The 15-25% range is empirically grounded: high-performing knowledge work teams typically spend 15-25% of time on coordination activities. Below 15%, coordination is insufficient and misalignment produces rework. Above 25%, coordination overhead displaces production, and adding more coordination further reduces the available production time, creating a vicious cycle.
The displacement requirement is the enforcement mechanism: when you want to add a new meeting, review, or check-in, it must either fit within the existing coordination budget or replace an existing mechanism of equal or greater cost. This prevents the ratchet effect where coordination mechanisms accumulate but never get removed.
When This Fires
- When designing team or personal coordination structures
- When meetings, check-ins, and reviews feel like they consume most of your week
- When someone proposes adding a new coordination mechanism (meeting, report, review)
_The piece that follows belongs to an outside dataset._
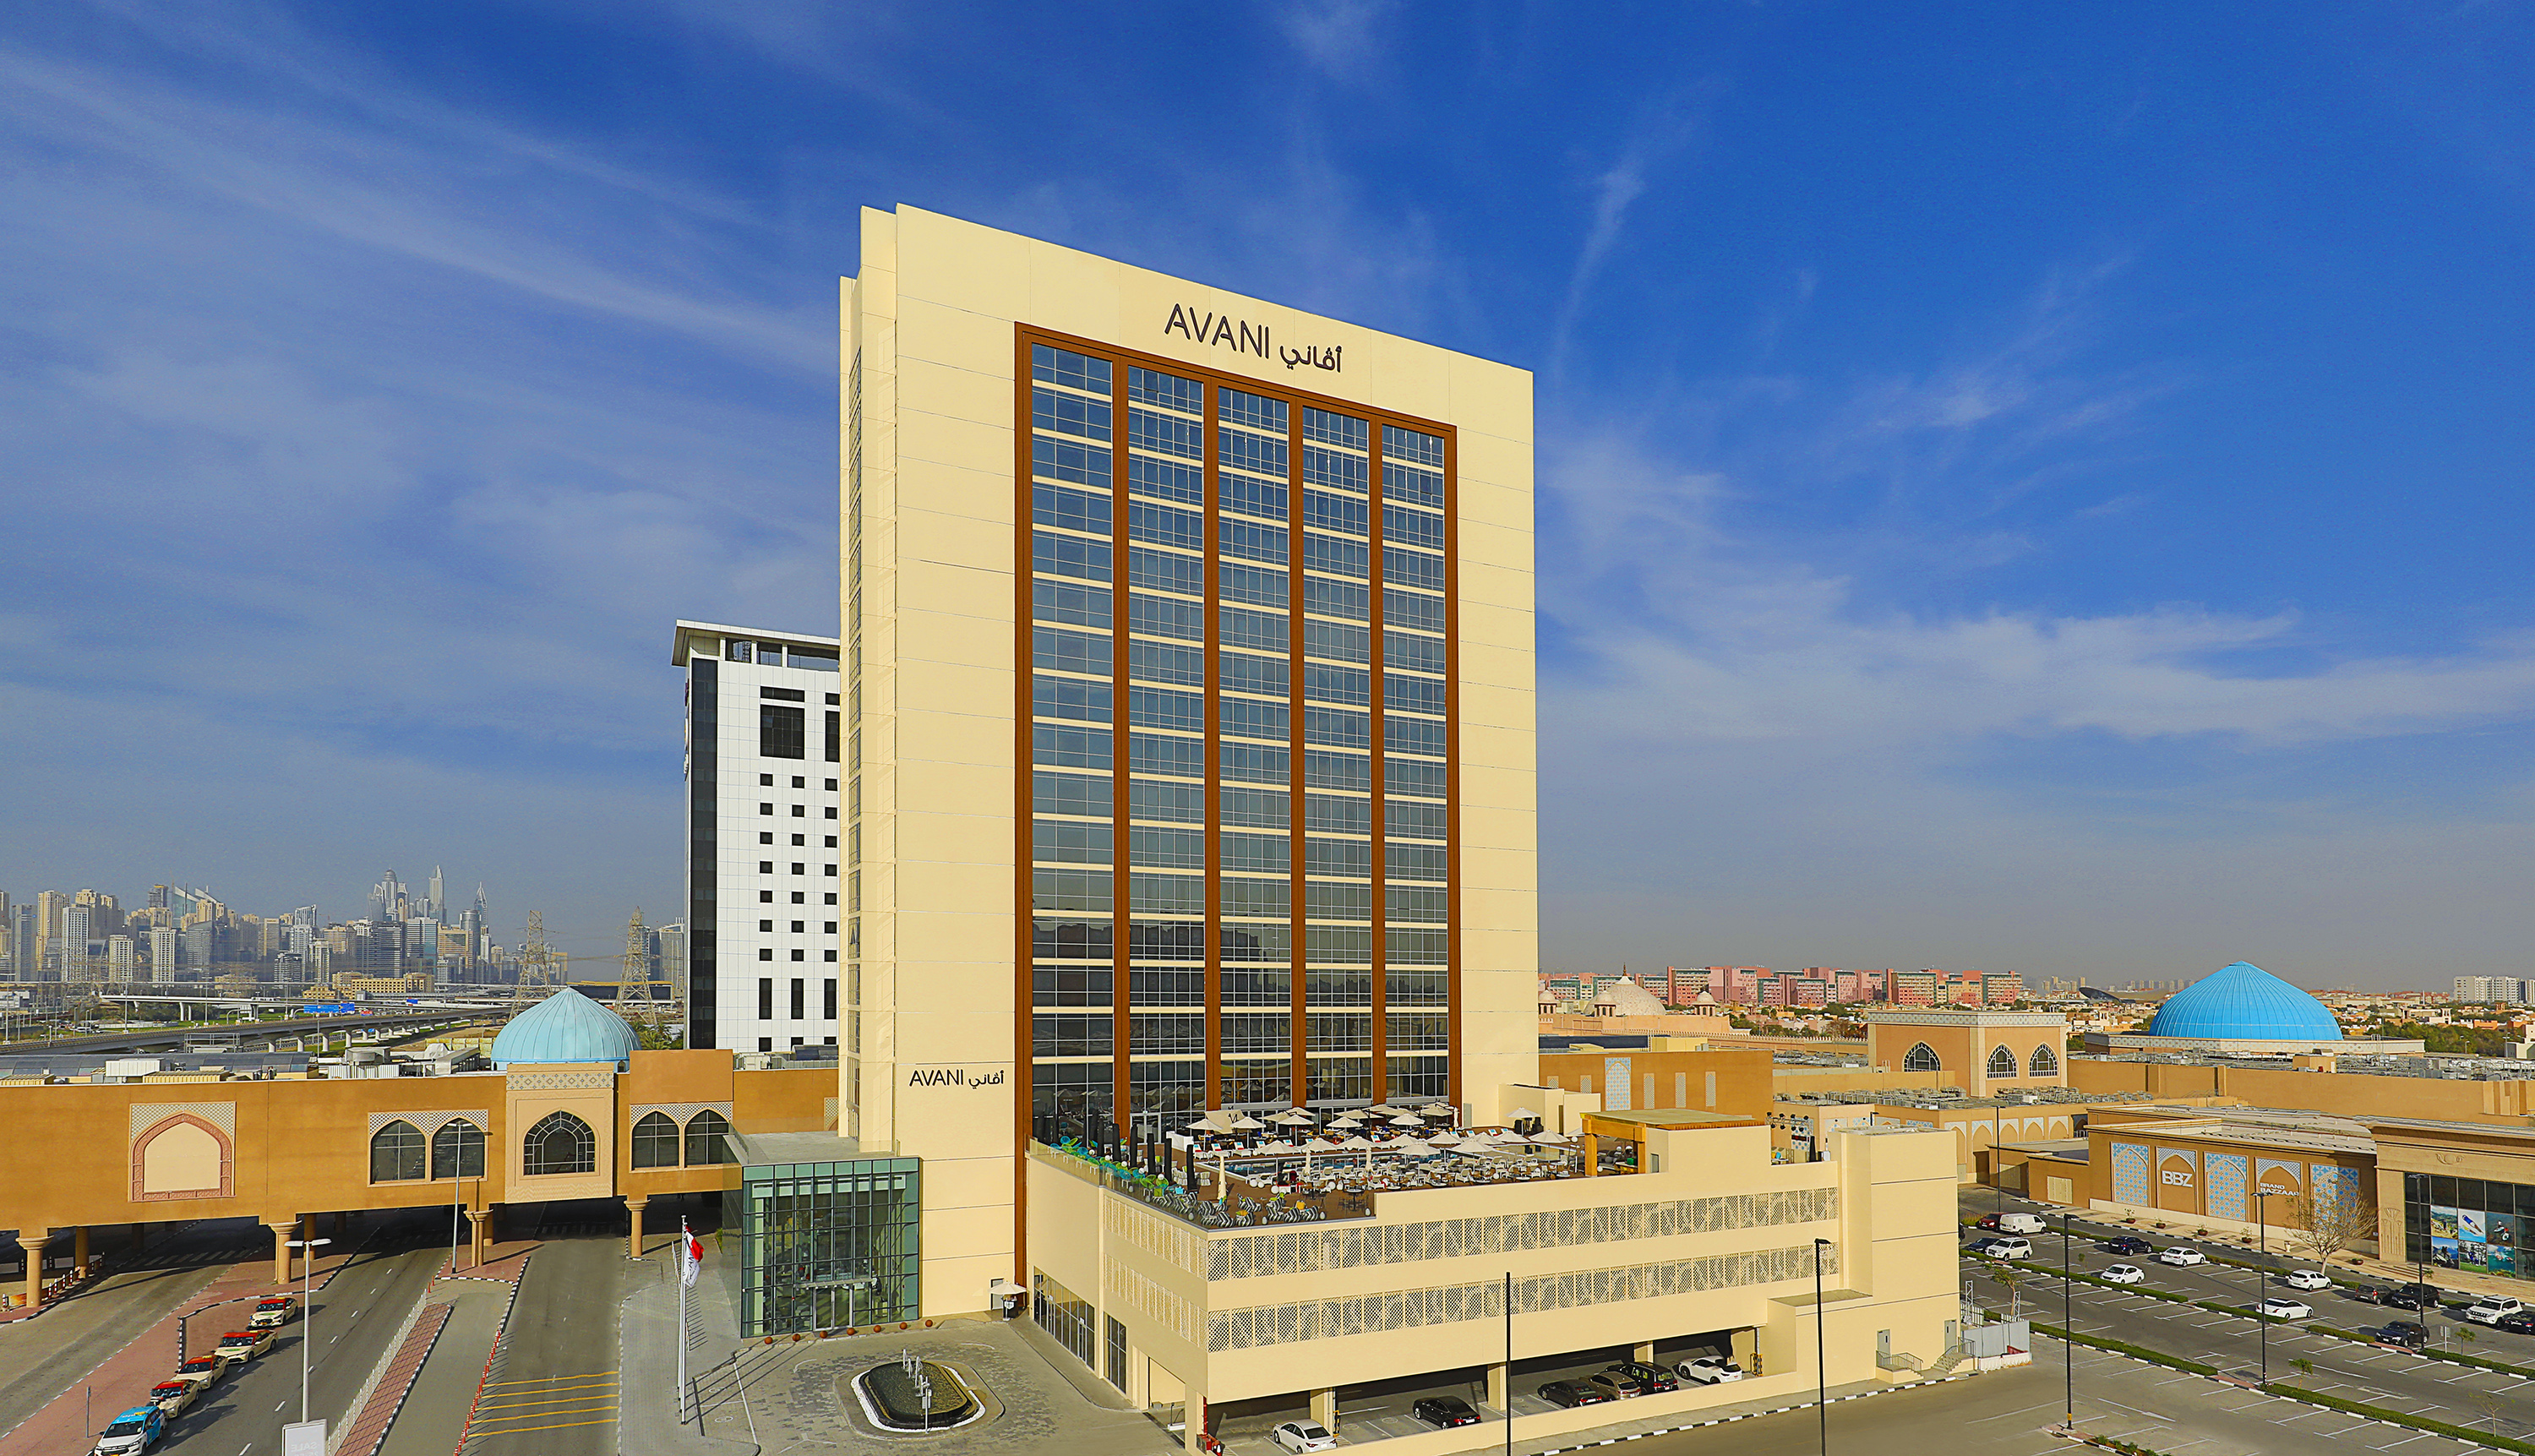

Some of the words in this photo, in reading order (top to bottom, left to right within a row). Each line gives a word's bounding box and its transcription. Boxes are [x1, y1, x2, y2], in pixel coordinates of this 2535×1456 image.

[1164, 303, 1270, 360] AVANI
[908, 1068, 964, 1087] AVANI
[2162, 1170, 2194, 1188] BBZ
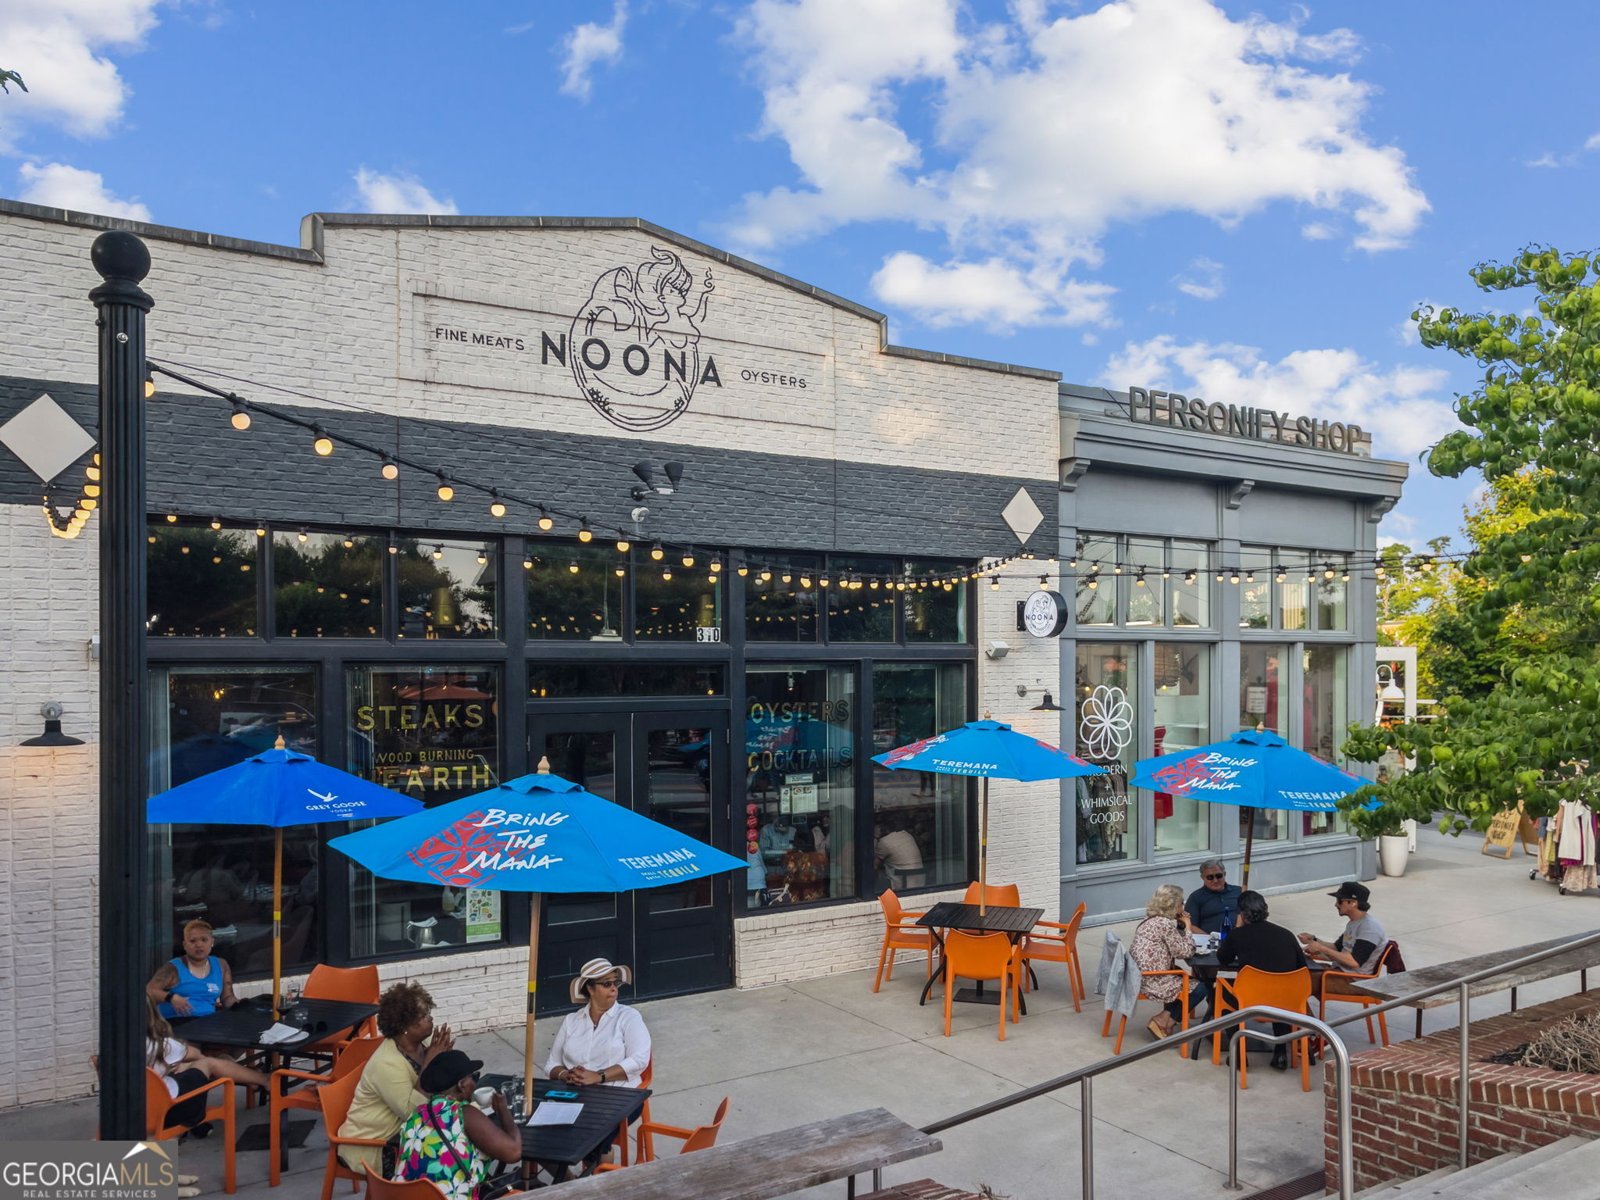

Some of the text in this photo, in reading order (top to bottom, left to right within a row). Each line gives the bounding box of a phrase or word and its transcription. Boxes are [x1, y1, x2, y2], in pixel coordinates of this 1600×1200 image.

- During time audits when evaluating how much time goes to coordination vs. production
Common Failure Mode
Uncapped coordination growth: each new coordination mechanism is added without removing any existing one. "We need a Monday planning meeting" (30 min). "Let's add a Wednesday check-in" (30 min). "Friday retrospective would be valuable" (60 min). Each individually reasonable — but the cumulative coordination load keeps growing while the budget for actual work shrinks.
The Protocol
(1) Calculate your current coordination budget: sum all time spent on meetings, status communication, handoffs, reviews, and synchronization per week. Divide by total available hours. (2) If >25% → you're over-coordinated. Identify the lowest-value coordination mechanisms and eliminate them until you're at 25% or below. (3) If 15-25% → you're in range. Any new coordination mechanism must displace an existing one of equal or greater cost. (4) If <15% → you may be under-coordinated. Check for misalignment, rework, or information gaps that more coordination would prevent. (5) Review the budget quarterly: as team size, complexity, or project phase changes, the optimal coordination percentage shifts. Adjust the budget, but never let it exceed 25% without explicit justification.